§ **ASSIGNED TASK**: For every entry that follows, return the words exactly and omit any picture.

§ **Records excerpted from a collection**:
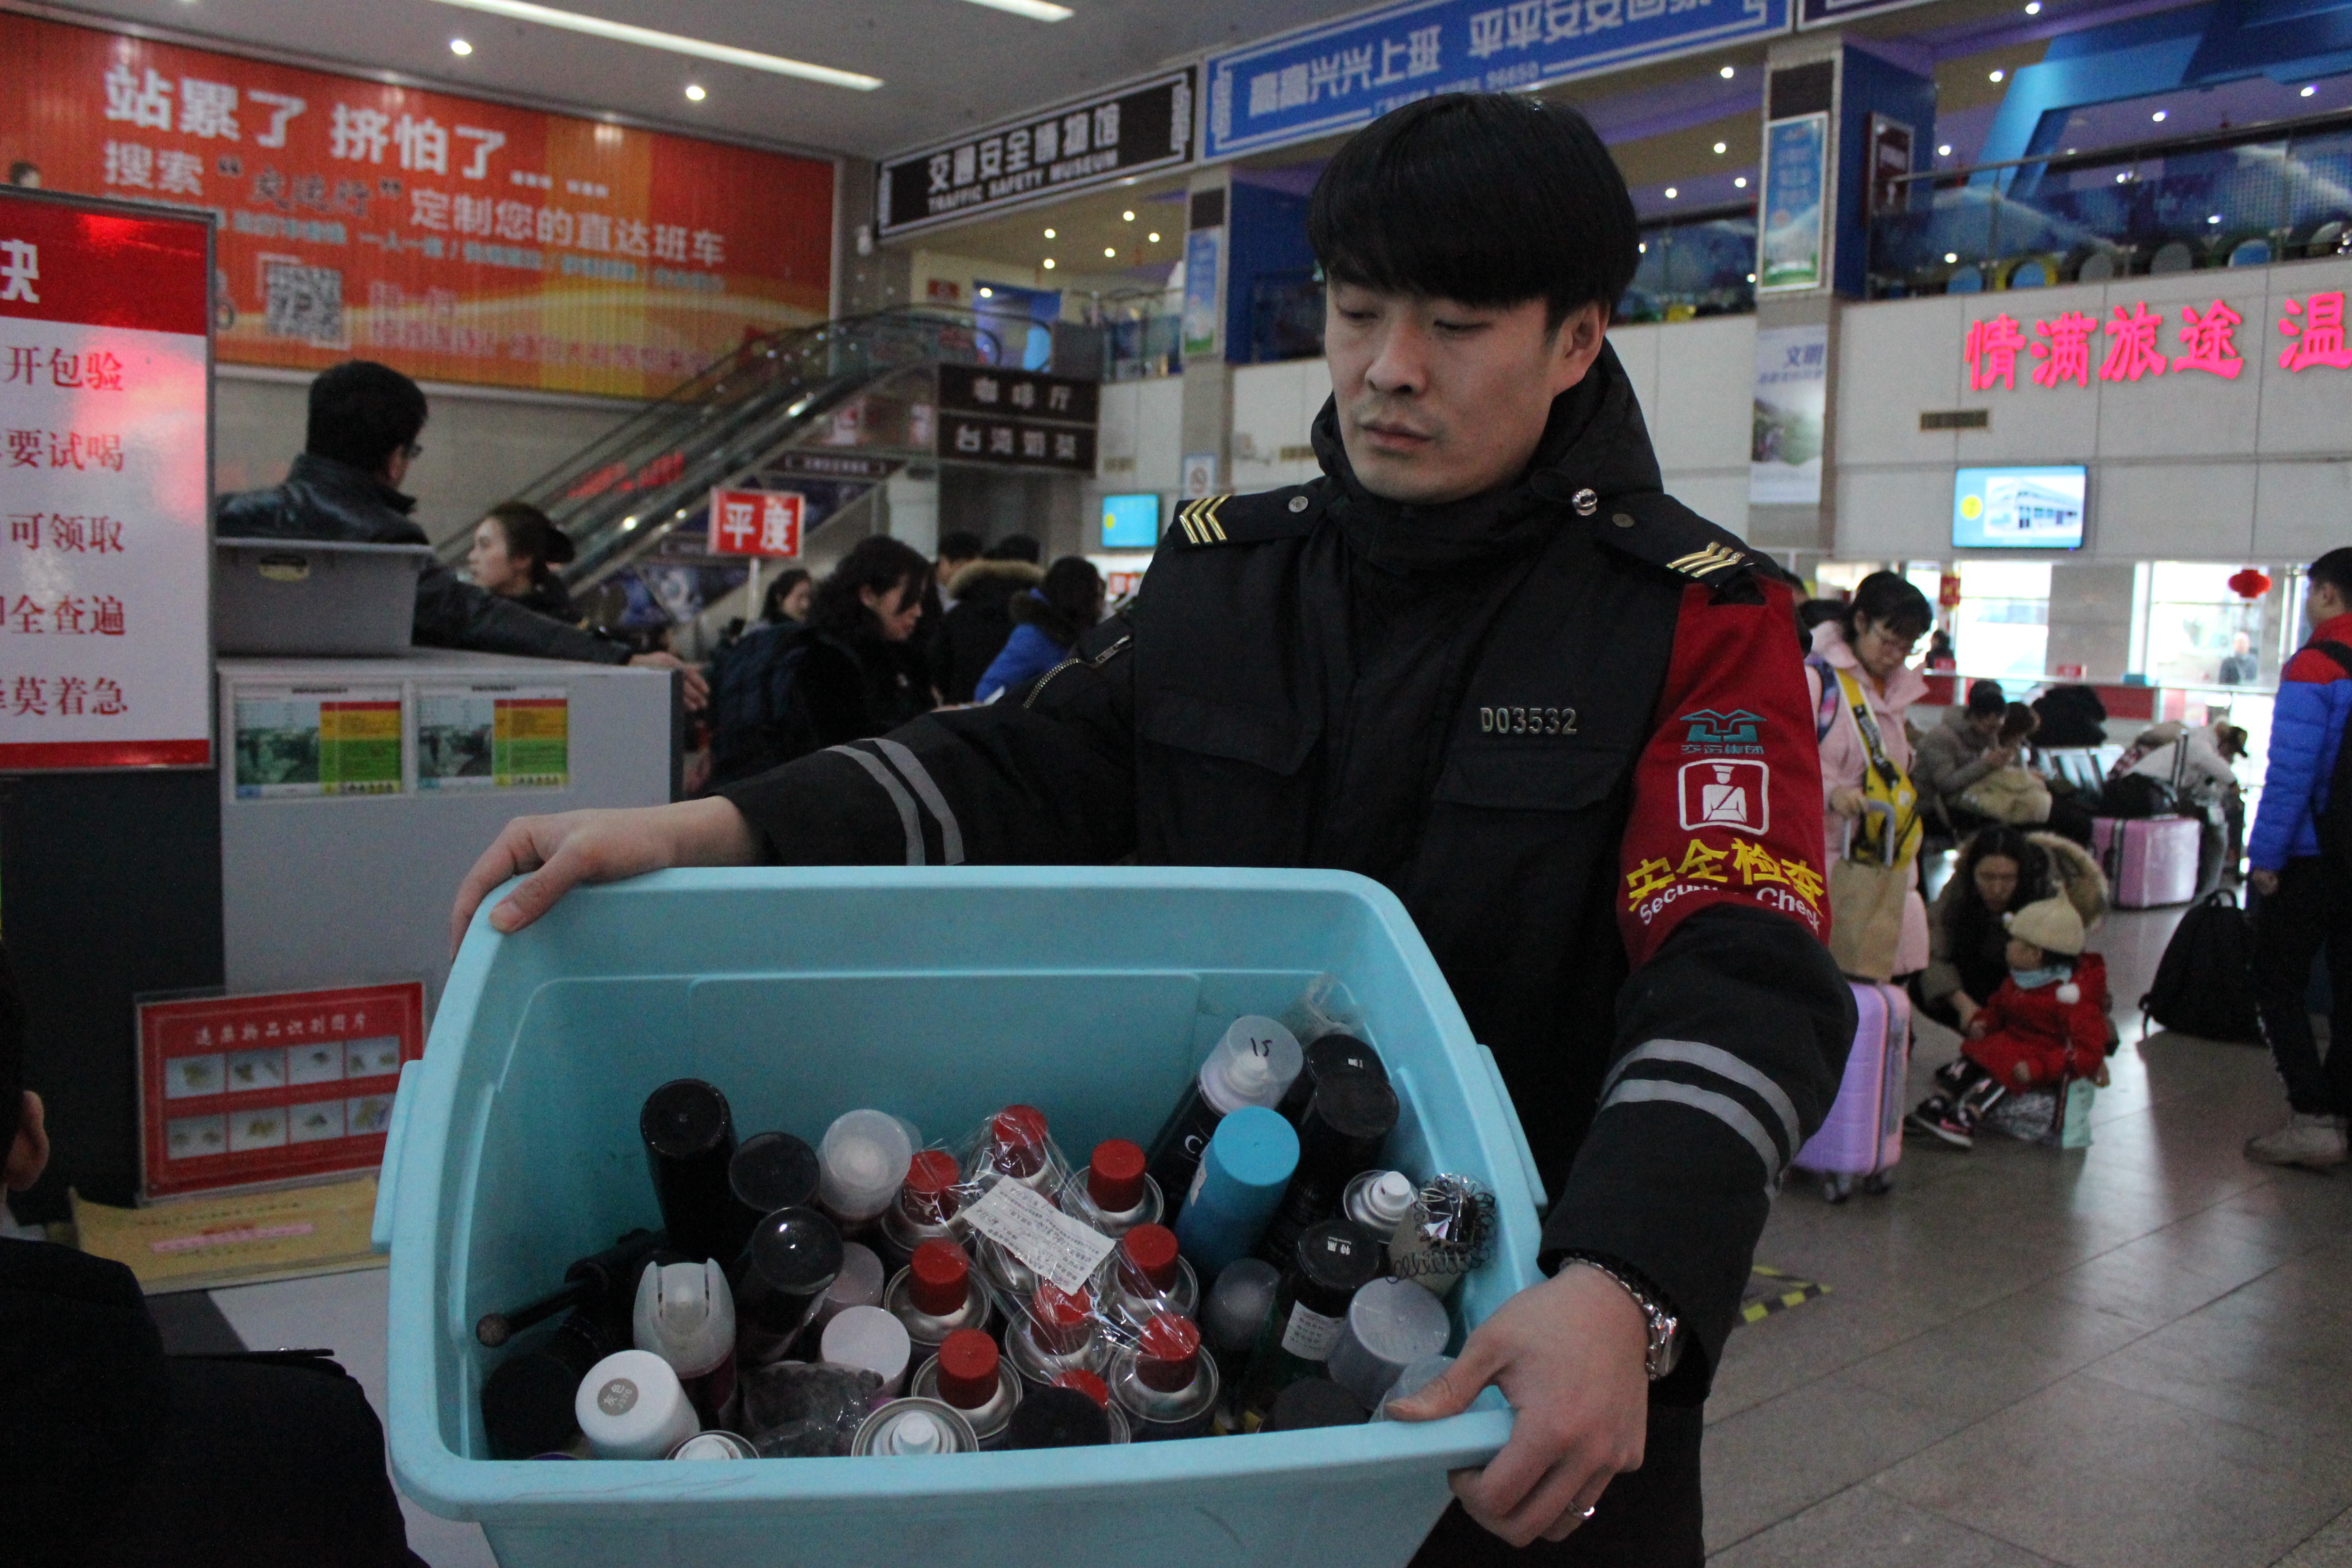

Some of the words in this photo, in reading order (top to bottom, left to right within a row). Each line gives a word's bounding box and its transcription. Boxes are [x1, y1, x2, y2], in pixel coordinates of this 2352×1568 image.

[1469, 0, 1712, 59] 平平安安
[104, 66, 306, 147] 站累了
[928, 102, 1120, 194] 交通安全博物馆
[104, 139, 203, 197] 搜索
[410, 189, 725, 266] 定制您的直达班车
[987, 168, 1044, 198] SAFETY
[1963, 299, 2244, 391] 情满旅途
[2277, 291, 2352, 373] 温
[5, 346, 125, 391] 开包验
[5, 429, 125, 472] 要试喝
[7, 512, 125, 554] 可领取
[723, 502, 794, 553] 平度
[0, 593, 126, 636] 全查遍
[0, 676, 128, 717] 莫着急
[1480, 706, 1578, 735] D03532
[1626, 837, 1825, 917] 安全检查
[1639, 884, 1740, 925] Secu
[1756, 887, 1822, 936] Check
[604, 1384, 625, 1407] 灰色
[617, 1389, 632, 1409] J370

§ **ANSWER SPACE**:
Some of the words in this photo, in reading order (top to bottom, left to right within a row). Each line gives a word's bounding box and its transcription. Boxes are [x1, y1, x2, y2], in pixel coordinates of this 2352×1568 image.

[1469, 0, 1712, 59] 平平安安
[104, 66, 306, 147] 站累了
[928, 102, 1120, 194] 交通安全博物馆
[104, 139, 203, 197] 搜索
[410, 189, 725, 266] 定制您的直达班车
[987, 168, 1044, 198] SAFETY
[1963, 299, 2244, 391] 情满旅途
[2277, 291, 2352, 373] 温
[5, 346, 125, 391] 开包验
[5, 429, 125, 472] 要试喝
[7, 512, 125, 554] 可领取
[723, 502, 794, 553] 平度
[0, 593, 126, 636] 全查遍
[0, 676, 128, 717] 莫着急
[1480, 706, 1578, 735] D03532
[1626, 837, 1825, 917] 安全检查
[1639, 884, 1740, 925] Secu
[1756, 887, 1822, 936] Check
[604, 1384, 625, 1407] 灰色
[617, 1389, 632, 1409] J370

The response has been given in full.